【刷题】HDU 3435 A new Graph Game

Problem Description

An undirected graph is a graph in which the nodes are connected by undirected arcs. An undirected arc is an edge that has no arrow. Both ends of an undirected arc are equivalent--there is no head or tail. Therefore, we represent an edge in an undirected graph as a set rather than an ordered pair.

Now given an undirected graph, you could delete any number of edges as you wish. Then you will get one or more connected sub graph from the original one (Any of them should have more than one vertex).

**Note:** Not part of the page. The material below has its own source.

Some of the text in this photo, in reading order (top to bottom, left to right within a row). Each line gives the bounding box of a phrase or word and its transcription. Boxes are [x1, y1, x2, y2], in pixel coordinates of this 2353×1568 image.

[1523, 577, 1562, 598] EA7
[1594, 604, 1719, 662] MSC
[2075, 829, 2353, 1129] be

You goal is to make all the connected sub graphs exist the Hamiltonian circuit after the delete operation. What’s more, you want to know the minimum sum of all the weight of the edges on the “Hamiltonian circuit” of all the connected sub graphs (Only one “Hamiltonian circuit” will be calculated in one connected sub graph! That is to say if there exist more than one “Hamiltonian circuit” in one connected sub graph, you could only choose the one in which the sum of weight of these edges is minimum).

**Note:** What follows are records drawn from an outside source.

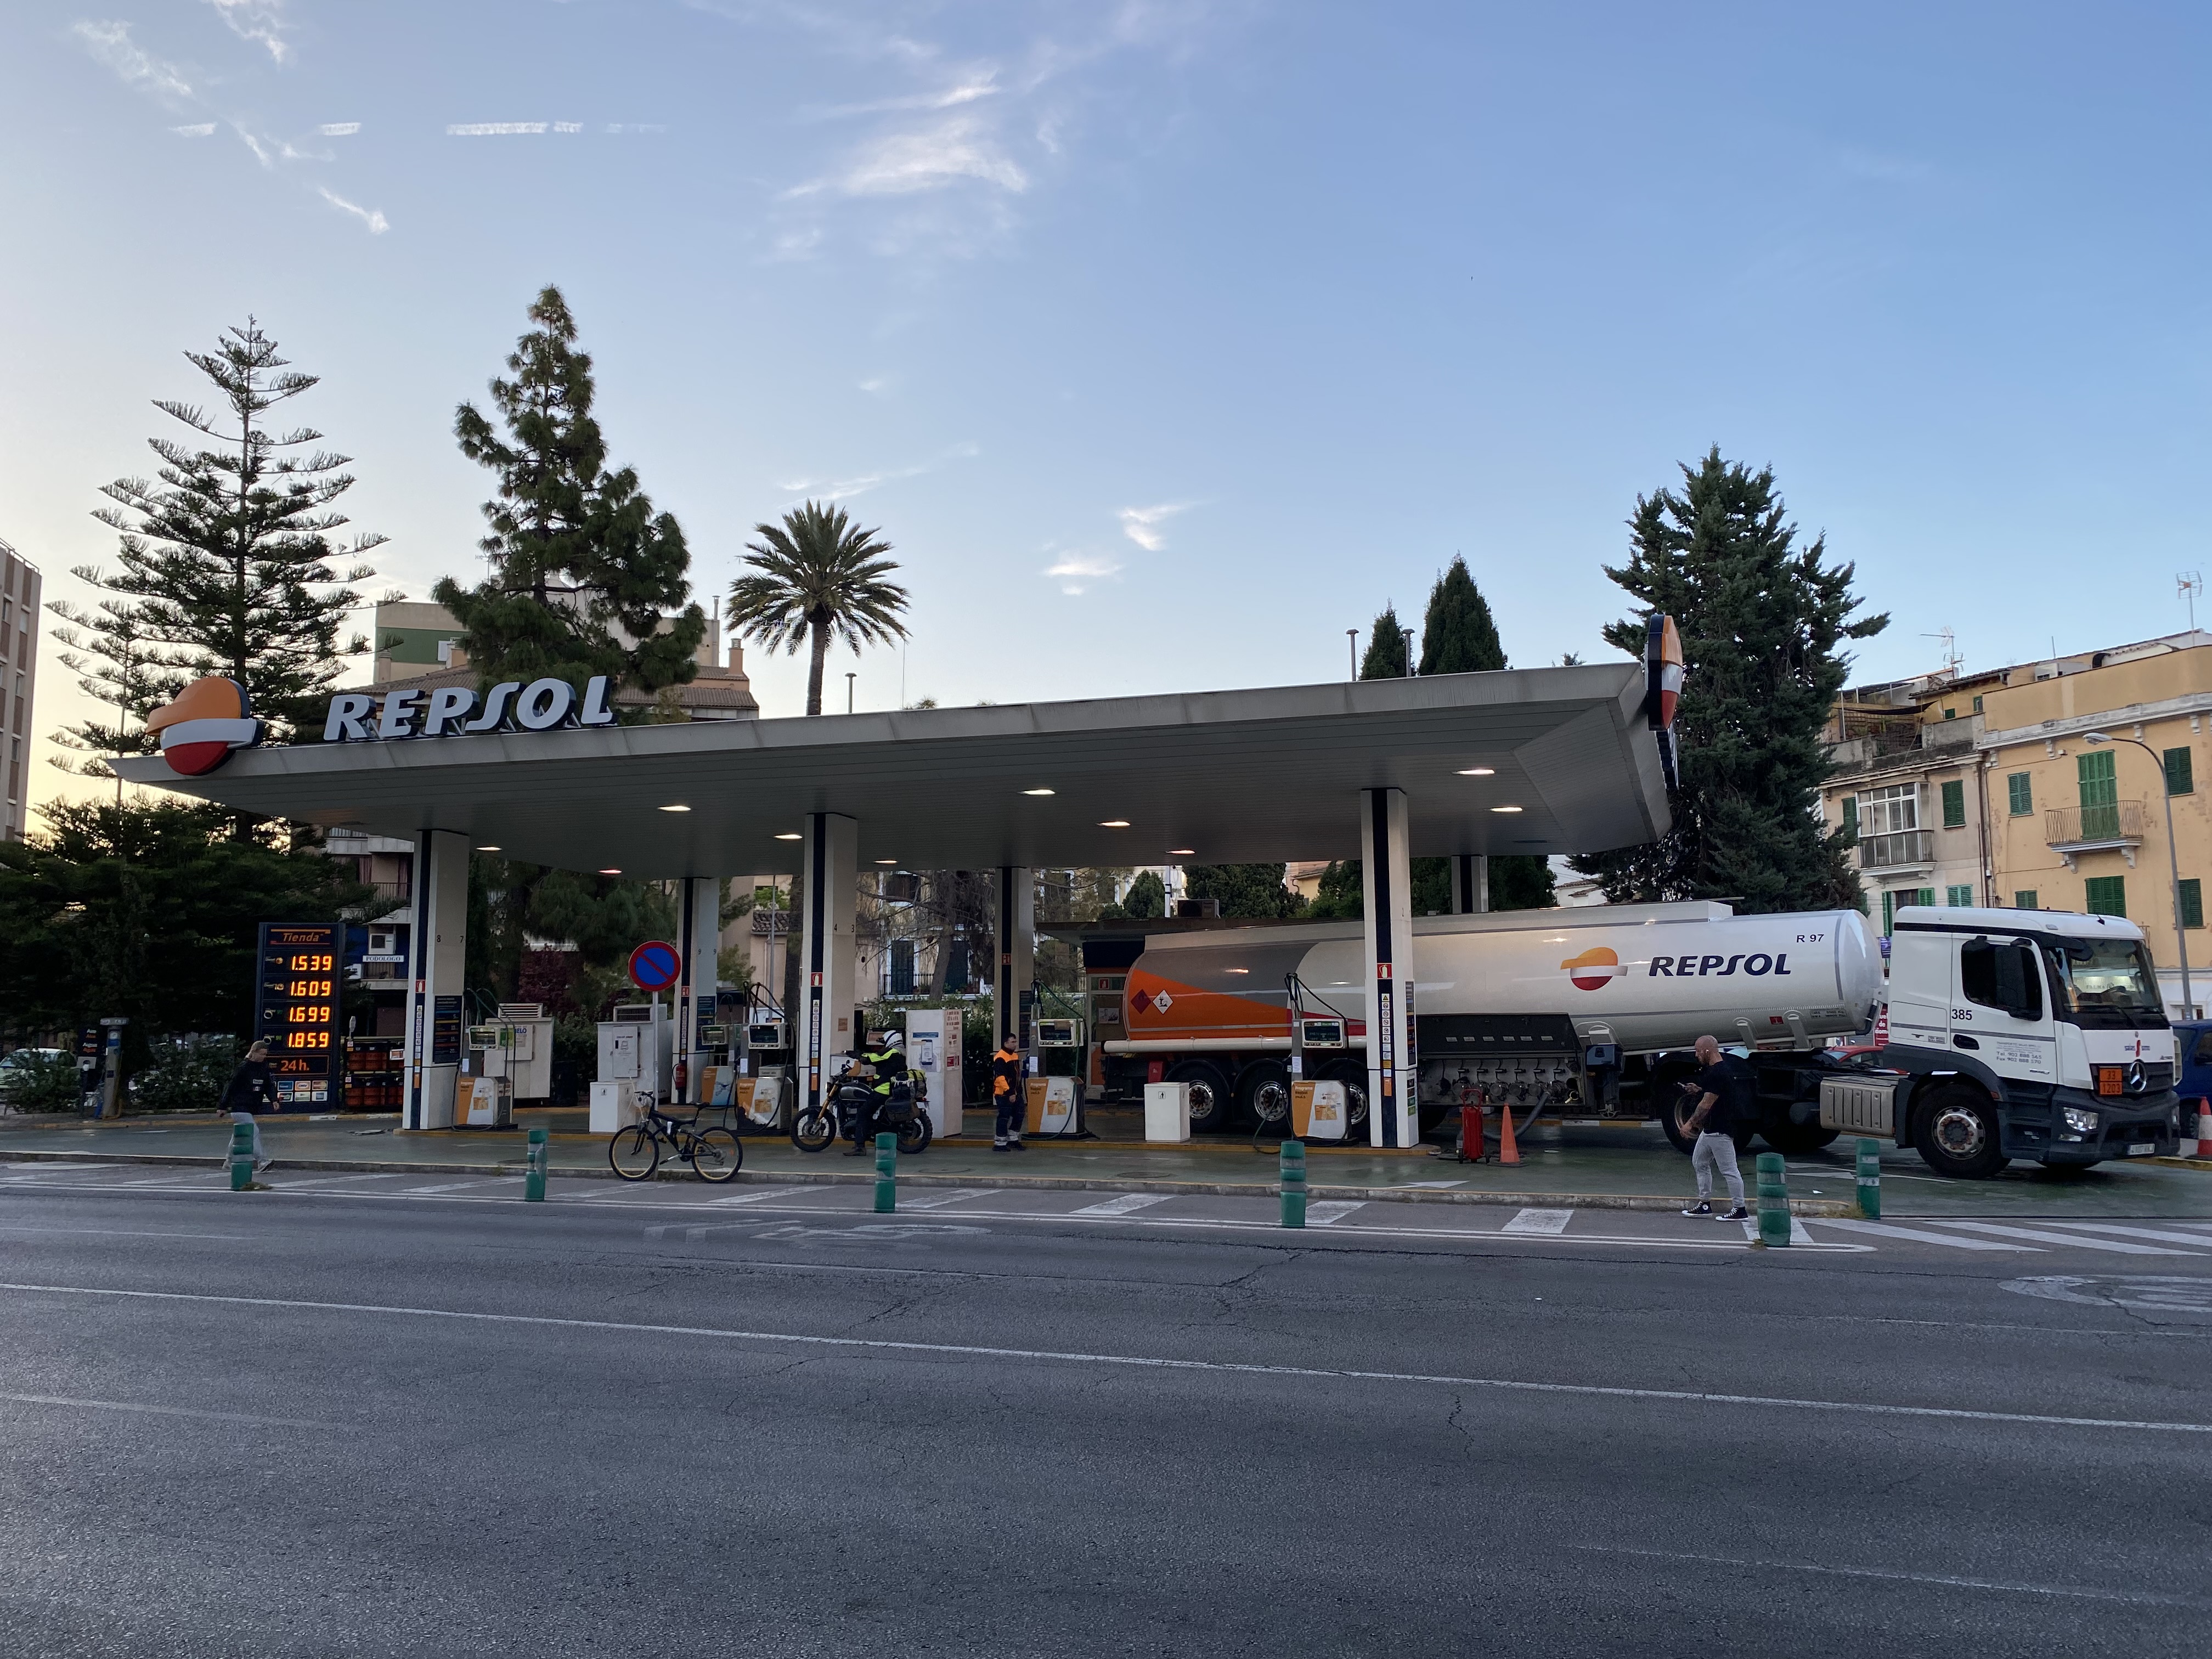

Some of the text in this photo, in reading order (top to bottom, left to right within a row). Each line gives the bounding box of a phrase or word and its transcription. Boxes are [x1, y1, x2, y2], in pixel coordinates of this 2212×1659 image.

[324, 675, 618, 742] REPSOL
[851, 924, 855, 933] 3
[283, 933, 319, 942] Tienda
[437, 934, 441, 943] 8
[460, 935, 464, 944] 7
[1796, 934, 1825, 943] R 97
[291, 956, 332, 970] 1.539
[1649, 953, 1791, 977] REPSOL
[290, 981, 331, 996] 1.609
[289, 1007, 330, 1022] 1.699
[1951, 1008, 1973, 1021] 385
[288, 1032, 329, 1048] 1.859
[280, 1060, 297, 1071] 24
[298, 1059, 310, 1071] h.
[2107, 1070, 2115, 1080] 33
[2102, 1084, 2121, 1093] 1203

For example, we may get two possible sums:

(1) 7 + 10 + 5 = 22

(2) 7 + 10 + 2 = 19

(There are two “Hamiltonian circuit” in this graph!)

Input

In the first line there is an integer T, indicates the number of test cases. (T <= 20)

In each case, the first line contains two integers n and m, indicates the number of vertices and the number of edges. (1 <= n <=1000, 0 <= m <= 10000)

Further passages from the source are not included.